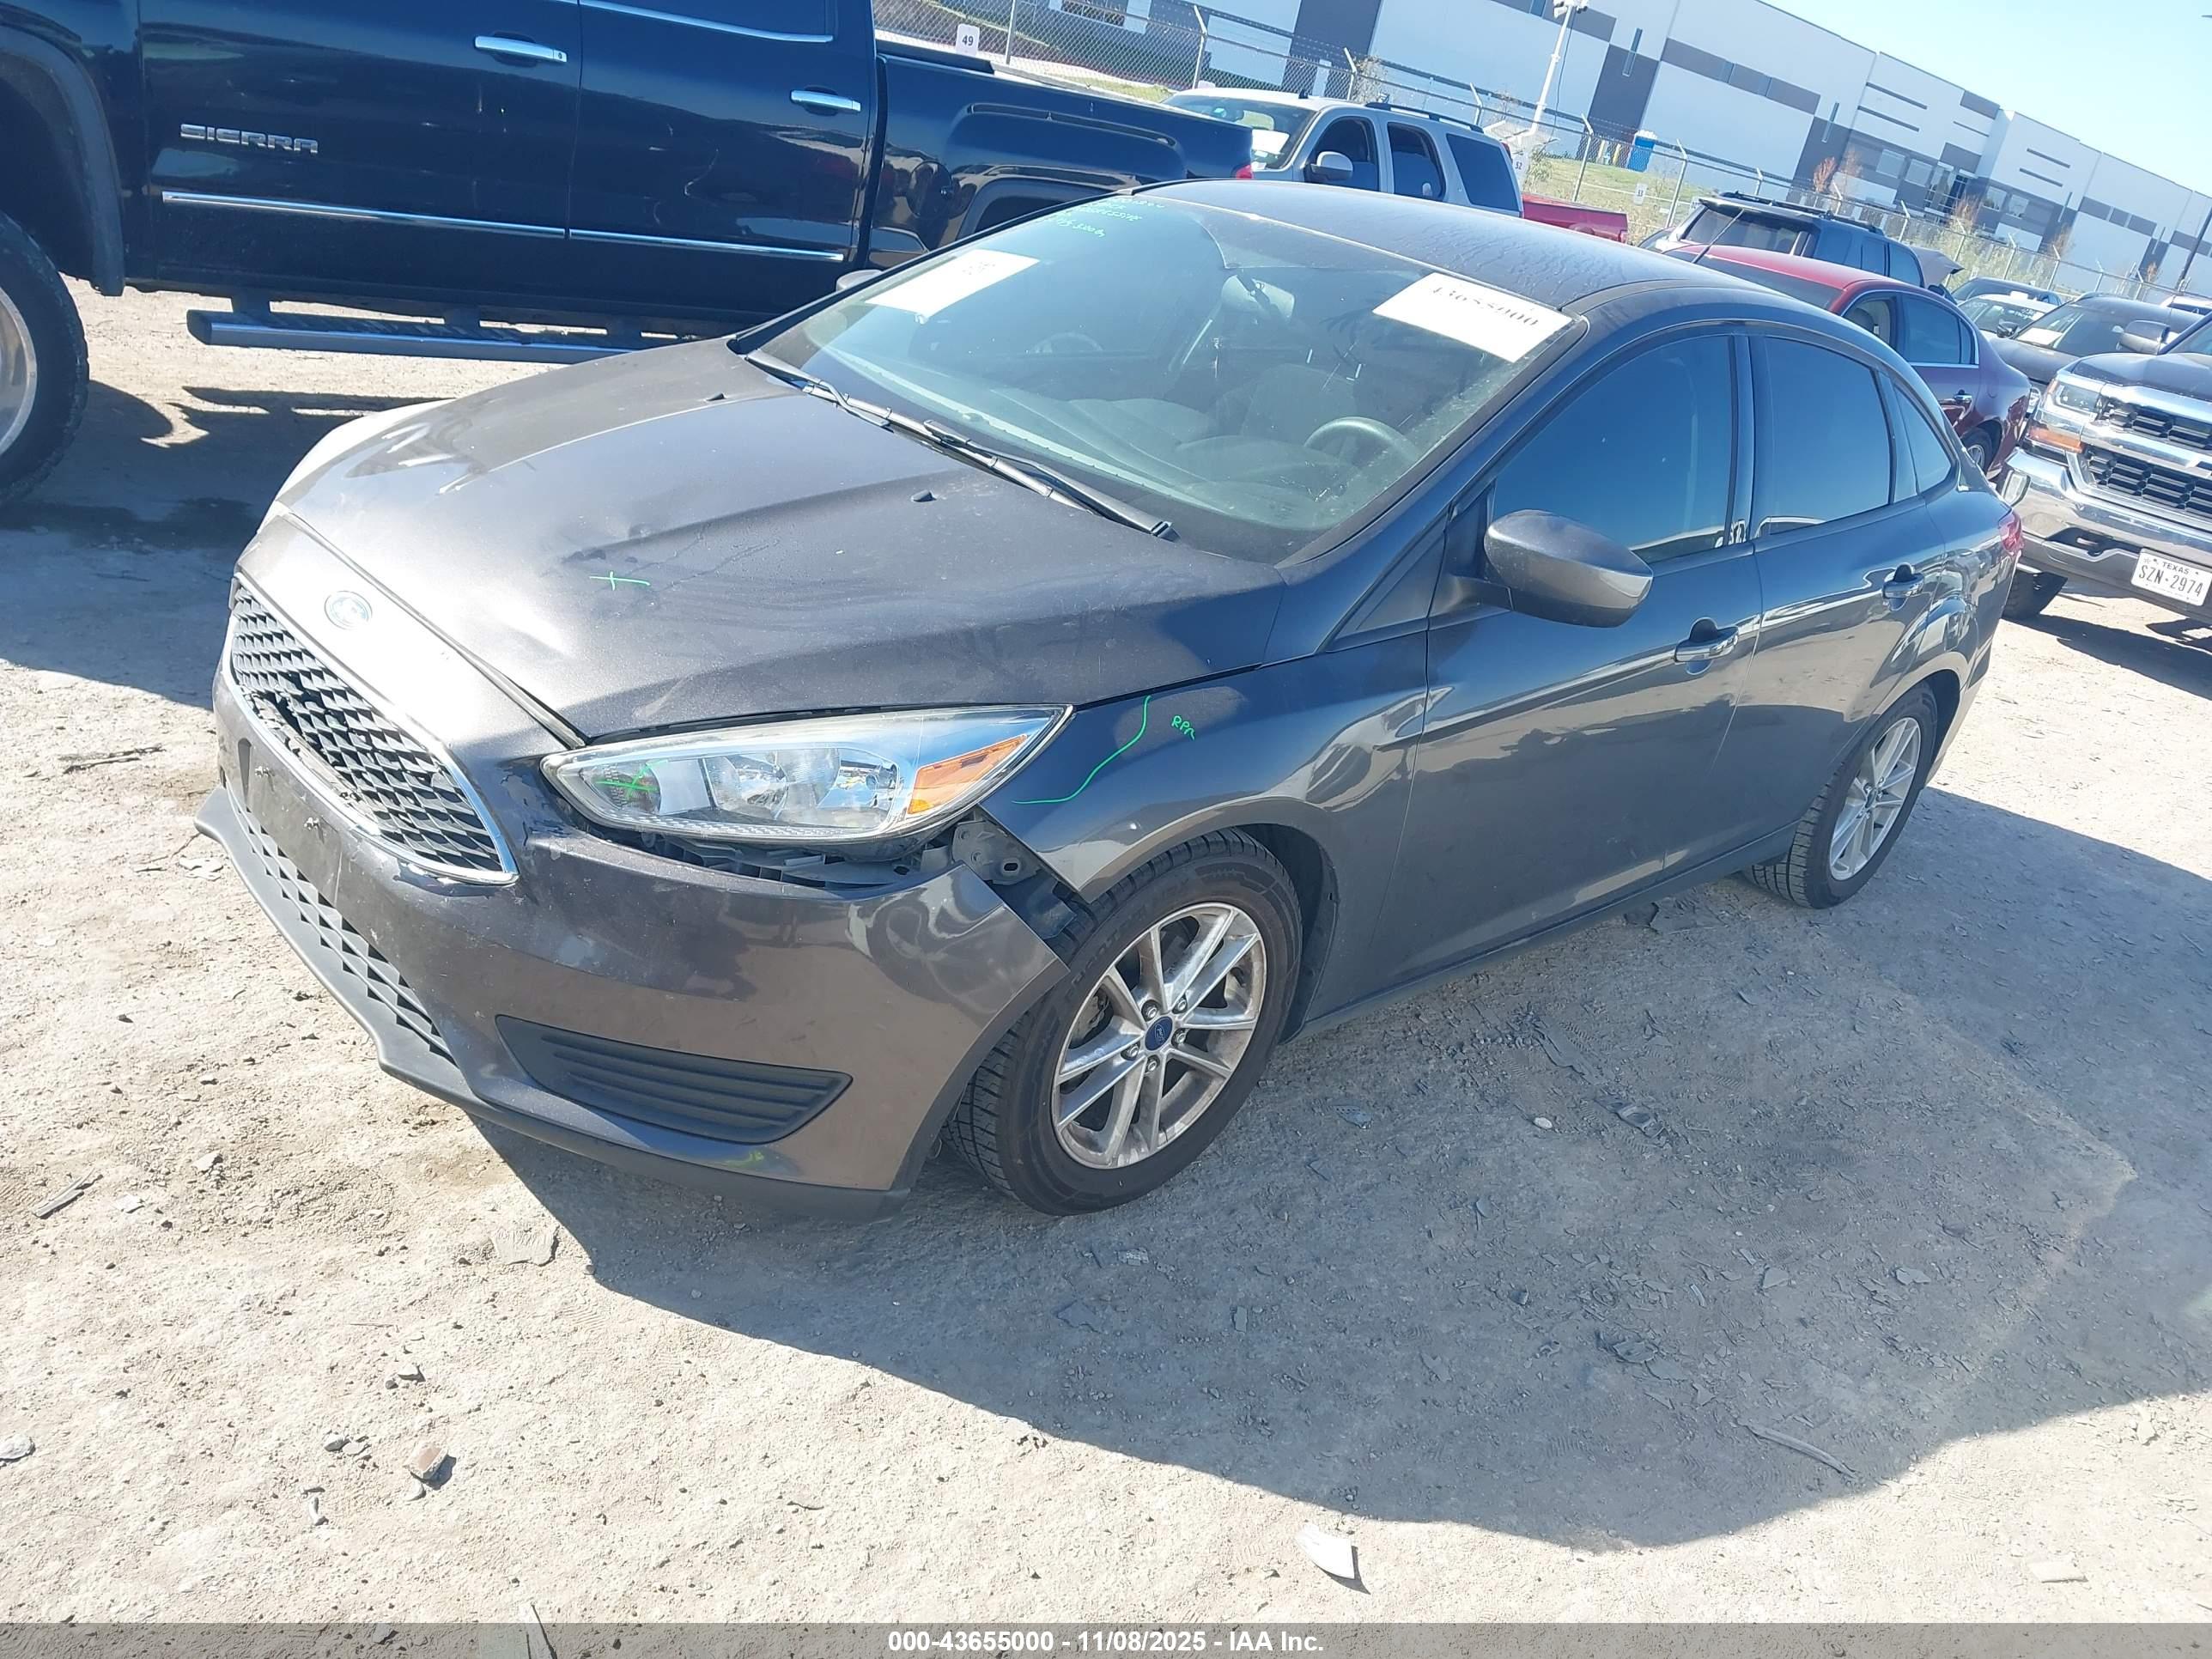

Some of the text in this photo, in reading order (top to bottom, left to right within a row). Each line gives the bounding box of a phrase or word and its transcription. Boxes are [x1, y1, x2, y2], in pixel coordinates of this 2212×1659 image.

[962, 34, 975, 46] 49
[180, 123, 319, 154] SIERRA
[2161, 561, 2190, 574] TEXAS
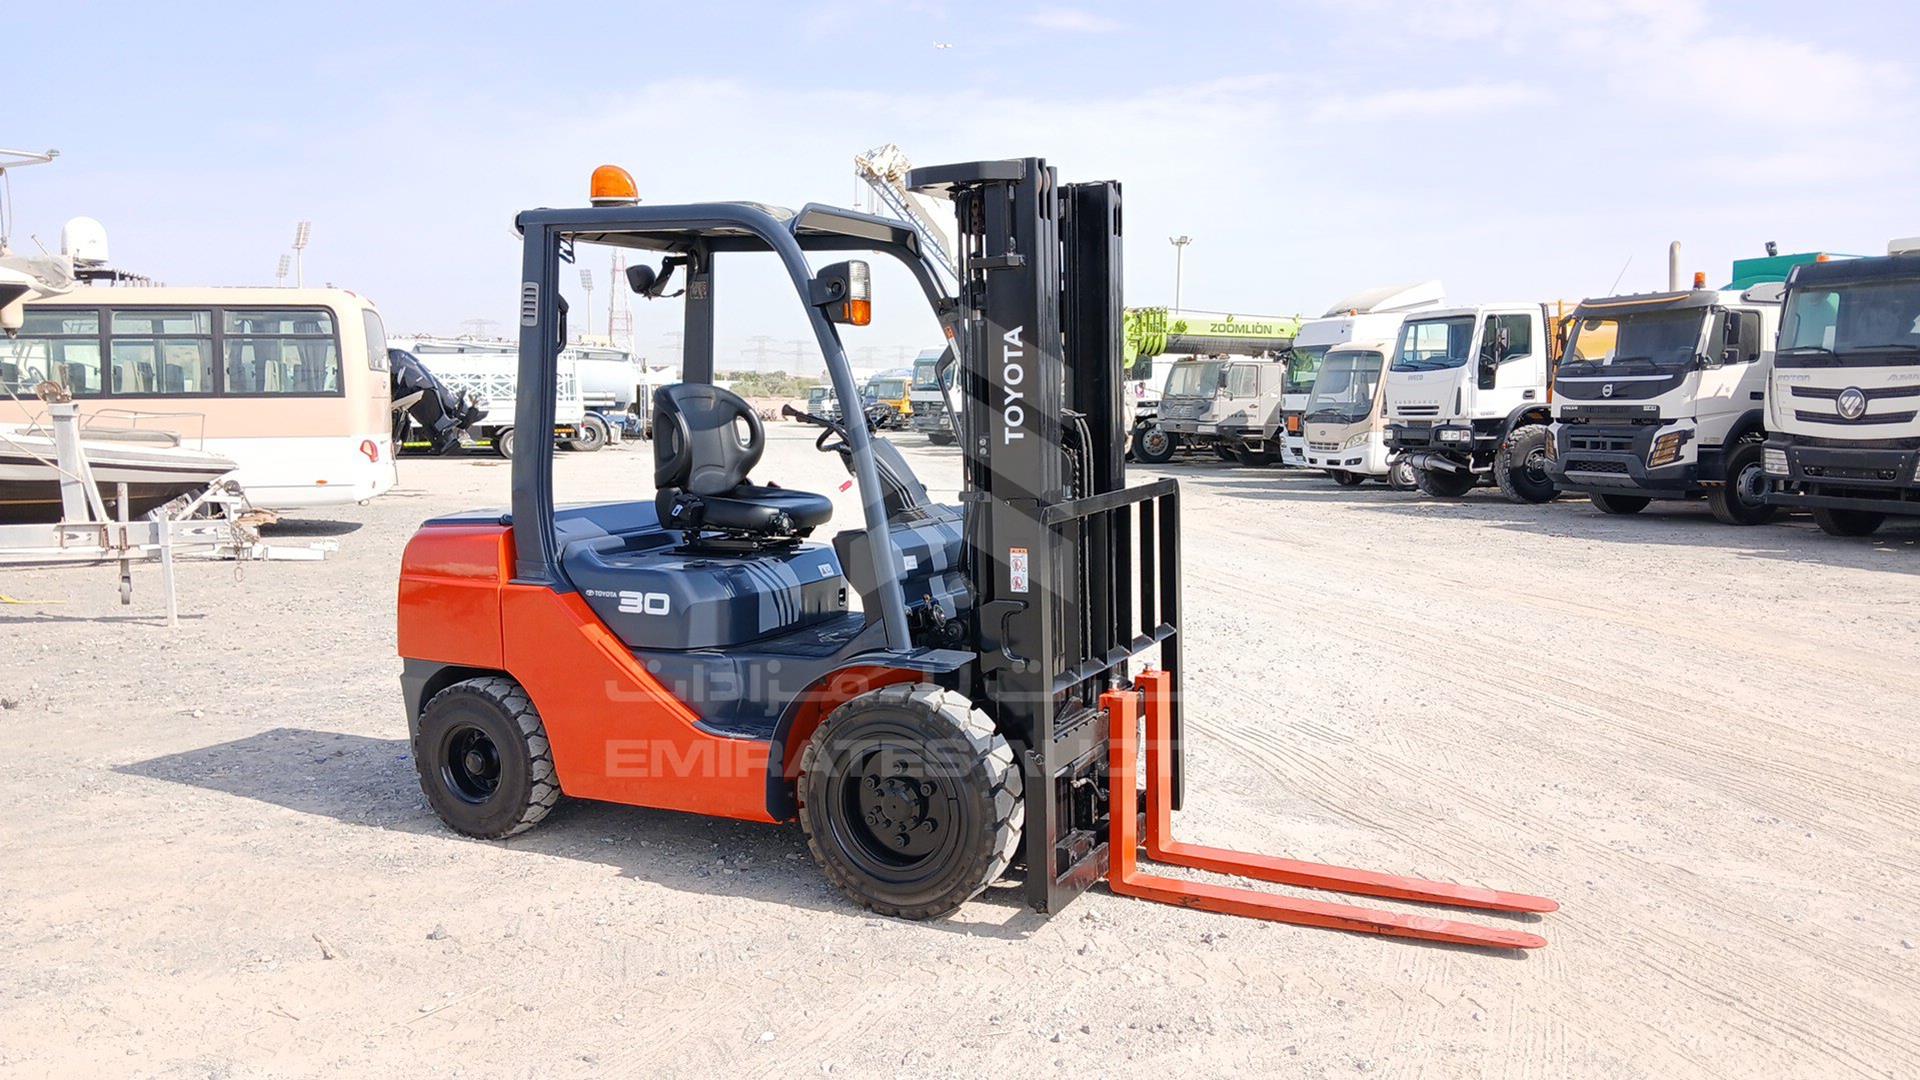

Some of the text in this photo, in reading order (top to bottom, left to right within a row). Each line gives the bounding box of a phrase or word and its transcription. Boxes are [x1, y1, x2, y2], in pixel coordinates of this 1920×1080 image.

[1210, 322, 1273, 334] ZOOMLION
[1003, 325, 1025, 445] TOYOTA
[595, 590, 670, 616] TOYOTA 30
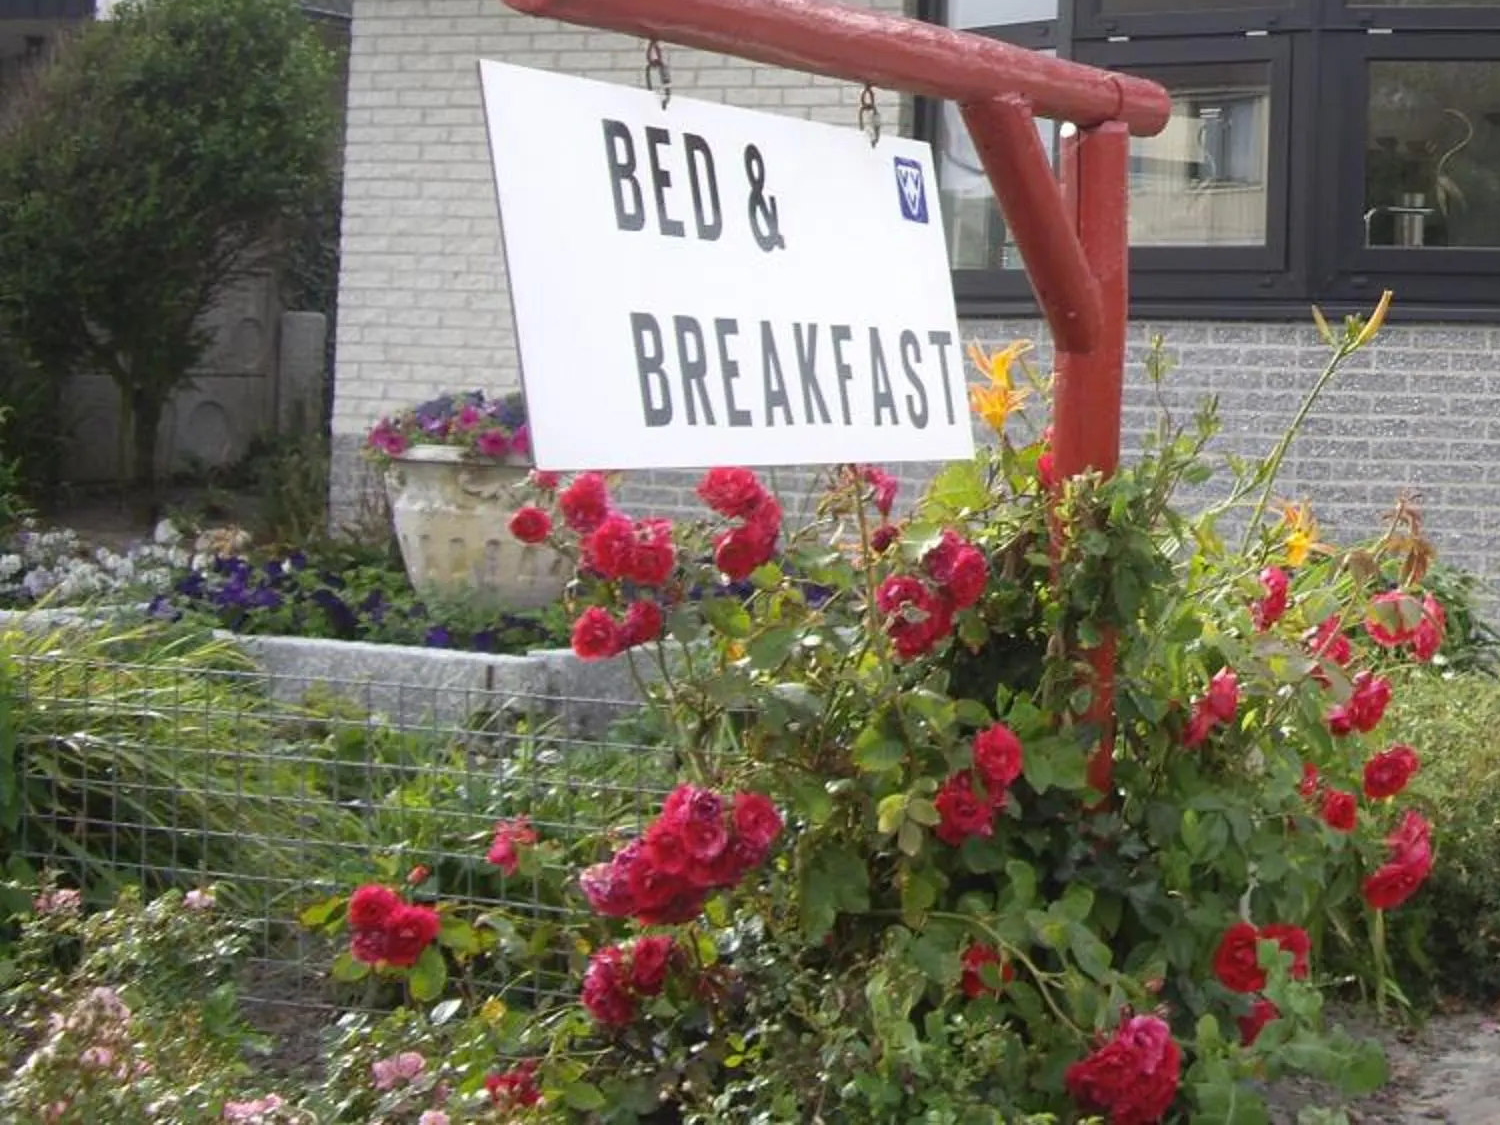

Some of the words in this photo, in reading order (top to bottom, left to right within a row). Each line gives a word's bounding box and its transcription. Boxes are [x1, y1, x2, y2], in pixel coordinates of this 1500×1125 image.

● Your task
Nothing in the entries above should change when they are printed again, except that the pictures are dropped.

● Result
Some of the text in this photo, in reading order (top to bottom, left to right within a row). Each line gives the bounding box of a phrase or word and its transcription. Boxes are [x1, y1, x2, y2], in pixel coordinates of this 2212×1659 image.

[962, 34, 975, 46] 49
[180, 123, 319, 154] SIERRA
[2161, 561, 2190, 574] TEXAS

Some of the text in this photo, in reading order (top to bottom, left to right within a row). Each line gives the bounding box of a phrase or word and its transcription. Boxes are [x1, y1, x2, y2], in pixel coordinates of this 1920×1080 image.

[1210, 322, 1273, 334] ZOOMLION
[1003, 325, 1025, 445] TOYOTA
[595, 590, 670, 616] TOYOTA 30

Some of the words in this photo, in reading order (top to bottom, left to right within a row). Each line gives a word's bounding box and its transcription. Boxes are [x1, y1, x2, y2], in pixel coordinates of this 1500×1125 image.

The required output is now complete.